Ortsbeirat sieht Gefahr durch 50 km/h an der Schulbushaltestelle Emmauskirche

Tempo 30 soll wieder her

brasselsberg. Maximal 30 Kilometer pro Stunde schnell sollen Autos in der Straße Bilsteiner Born zwischen der Konrad-Adenauer-Straße und der Nordshäuser Straße auch in Zukunft nur sein dürfen - dies verlangt der Ortsbeirat Brasselsberg mit einem Beschluss. Der Beirat kritisiert, dass die Stadt für diesen Bereich das Tempolimit aufgehoben hat und die Autofahrer hier nun mit 50 km/h unterwegs sein dürfen.

Hintergrund dafür, dass derzeit an verschiedenen Standorten in Kassel Tempo-30-Schilder abgebaut und entsprechende Piktogramme von der Straße gefräst werden, ist die mögliche Rechtswidrigkeit der Geschwindigkeitsbeschränkungen, hatte die Stadt den Beirat wissen lassen. Das Hessische Verkehrsministerium habe nach einer Neufassung der Straßenverkehrsordnung eine entsprechende Überprüfung angeordnet.

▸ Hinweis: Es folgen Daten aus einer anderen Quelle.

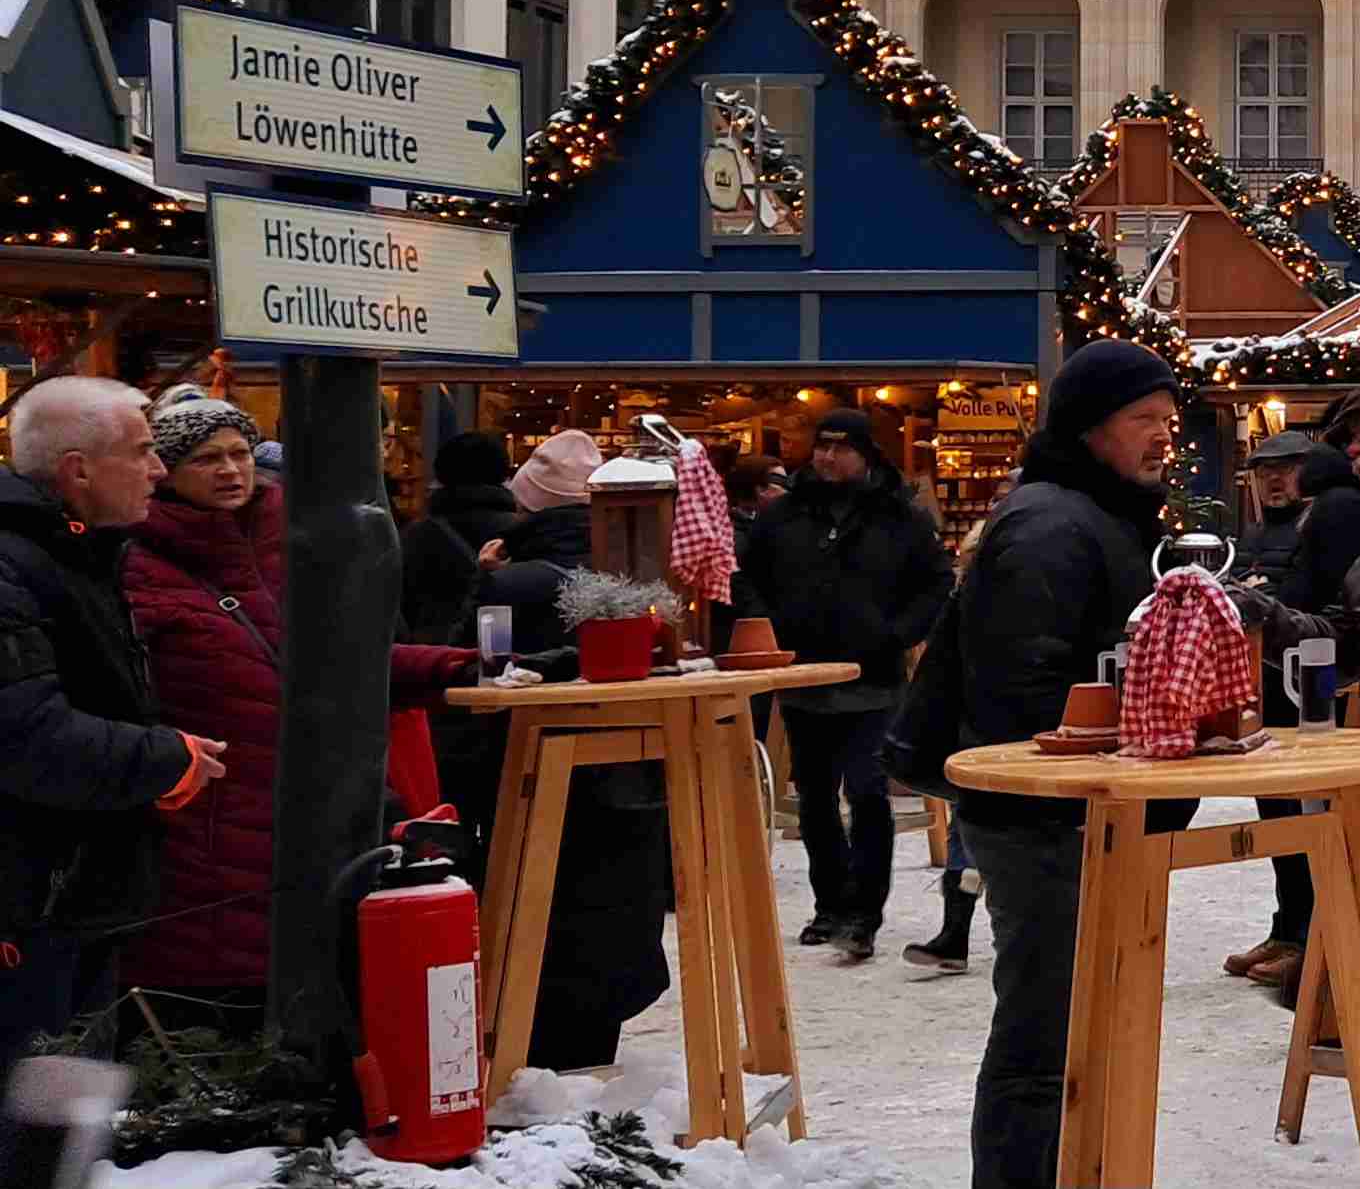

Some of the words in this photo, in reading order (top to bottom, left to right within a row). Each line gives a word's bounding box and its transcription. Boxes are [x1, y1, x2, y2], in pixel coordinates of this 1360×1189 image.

[229, 34, 320, 87] Jamie
[331, 53, 420, 104] Oliver
[235, 101, 418, 164] Löwenhütte
[264, 218, 419, 273] Historische
[263, 285, 428, 335] Grillkutsche
[951, 400, 992, 417] Volle
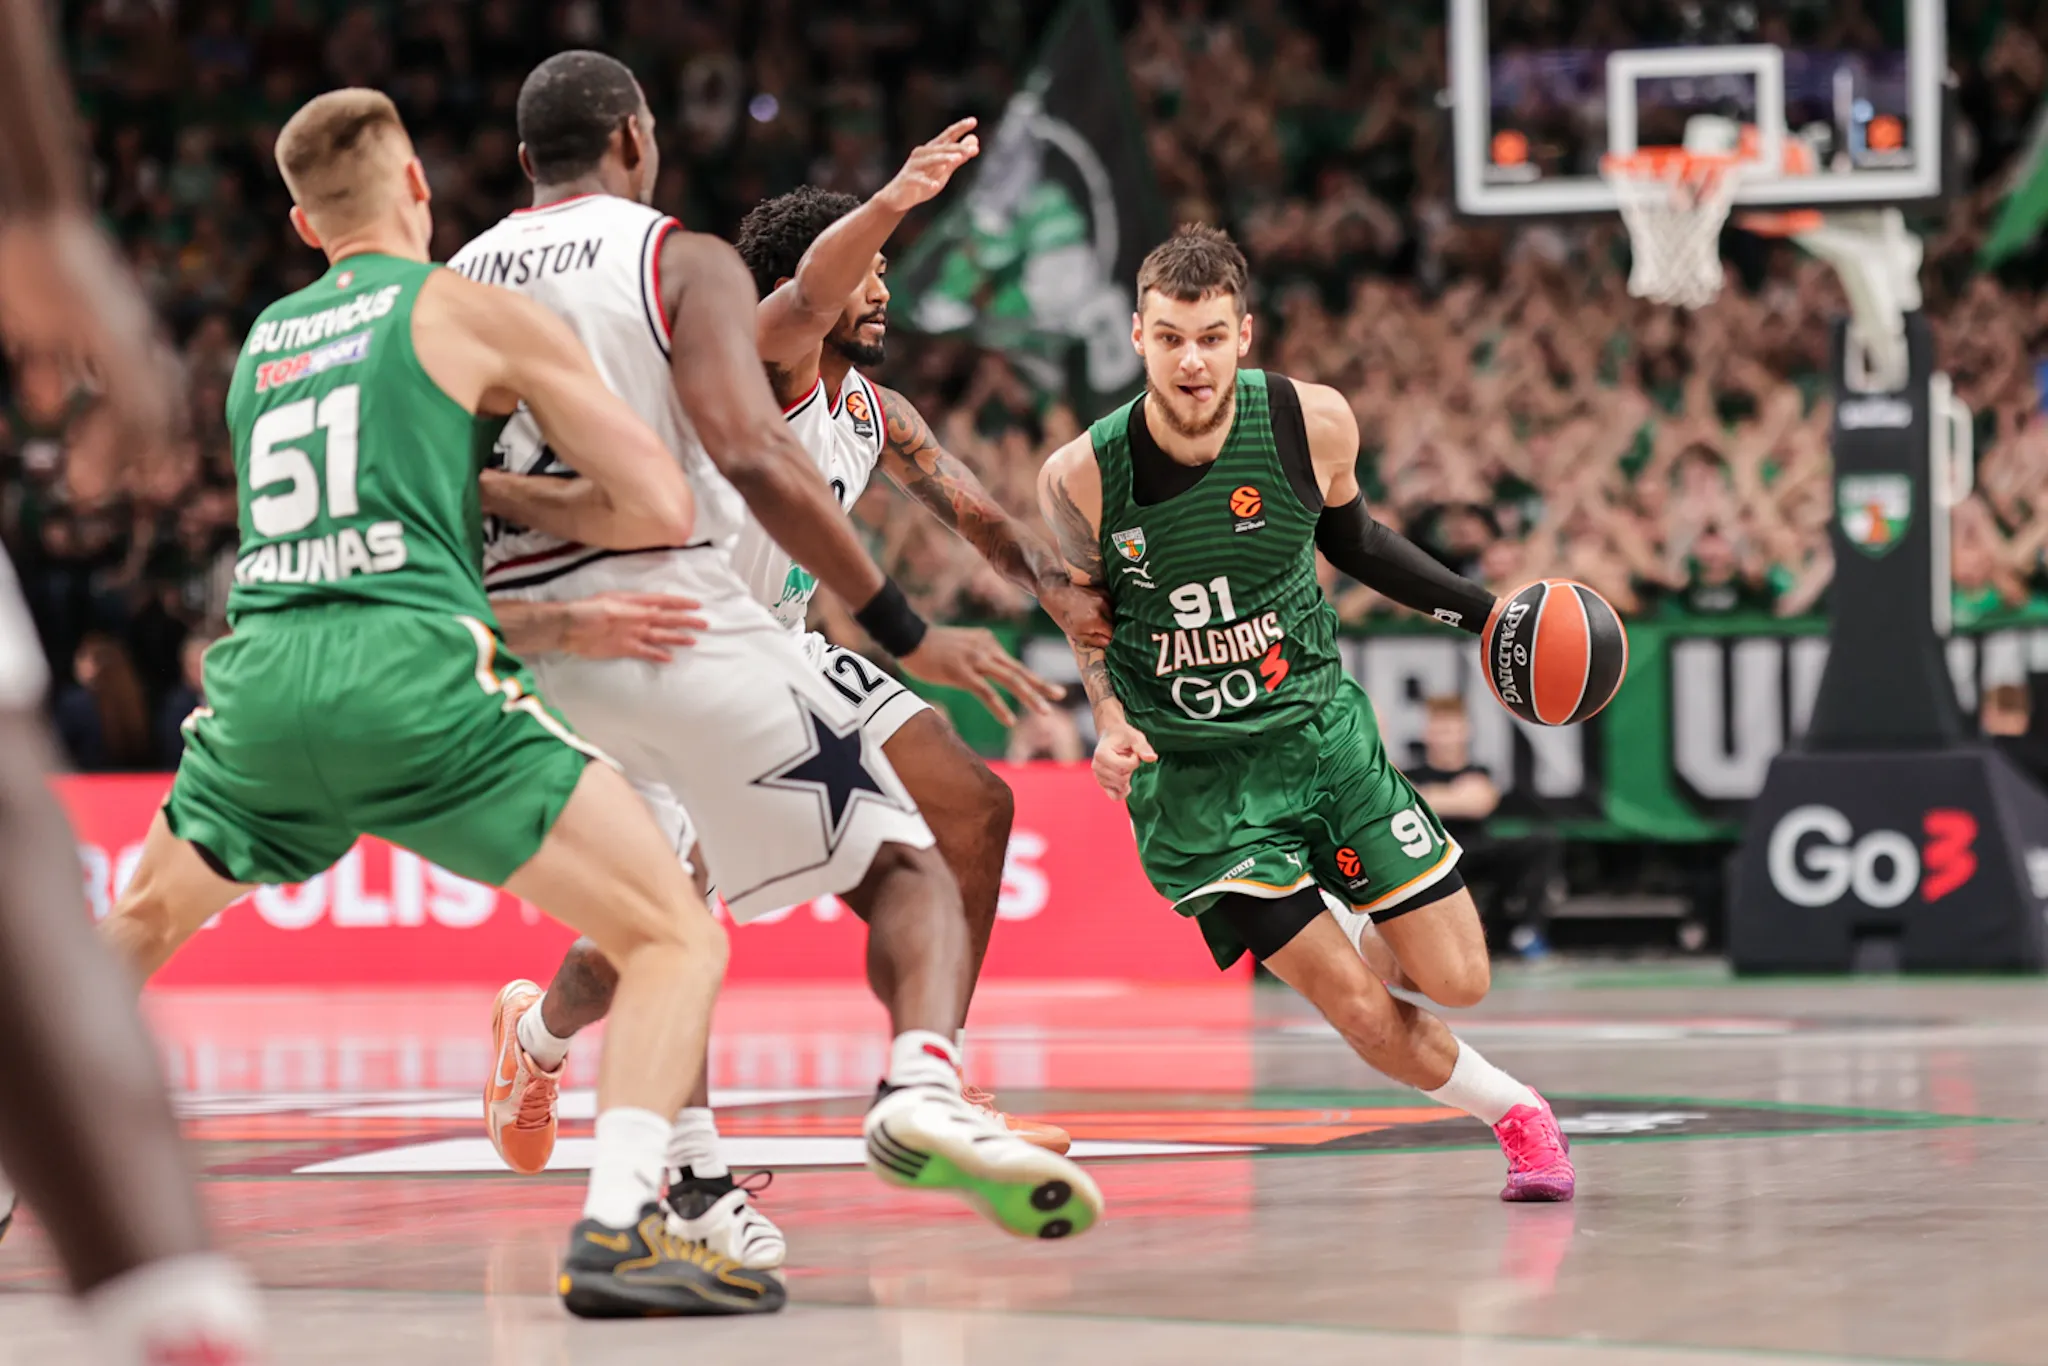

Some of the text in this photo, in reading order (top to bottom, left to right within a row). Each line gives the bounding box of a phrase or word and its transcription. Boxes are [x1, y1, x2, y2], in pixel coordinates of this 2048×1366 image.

[453, 238, 603, 286] UNSTON
[249, 384, 360, 537] 51
[1168, 575, 1237, 629] 91
[1496, 601, 1531, 704] SPALDING
[821, 653, 889, 708] 12

All dies überzeugt den Ortsbeirat Brasselsberg nicht. Im Gegenteil: Er macht gegen die Abschaffung von Tempo 30 mobil, nennt Sicherheitsbedenken vor allem in Bezug auf die Kinder. An der Nordshäuser Straße vor der Emmauskirche hält nämlich nicht nur die Buslinie 12, sondern auch der Schulbus. Wenn Autos dort 50 km/h fahren, seien die Kinder mehr gefährdet als es jetzt schon bei Tempo 30 der Fall sei, warnte der Beirat. Kinder müssten aufgrund ihres naturgemäß unberechenbaren Verhaltens im Straßenverkehr besonders geschützt werden, verlangen die Politiker.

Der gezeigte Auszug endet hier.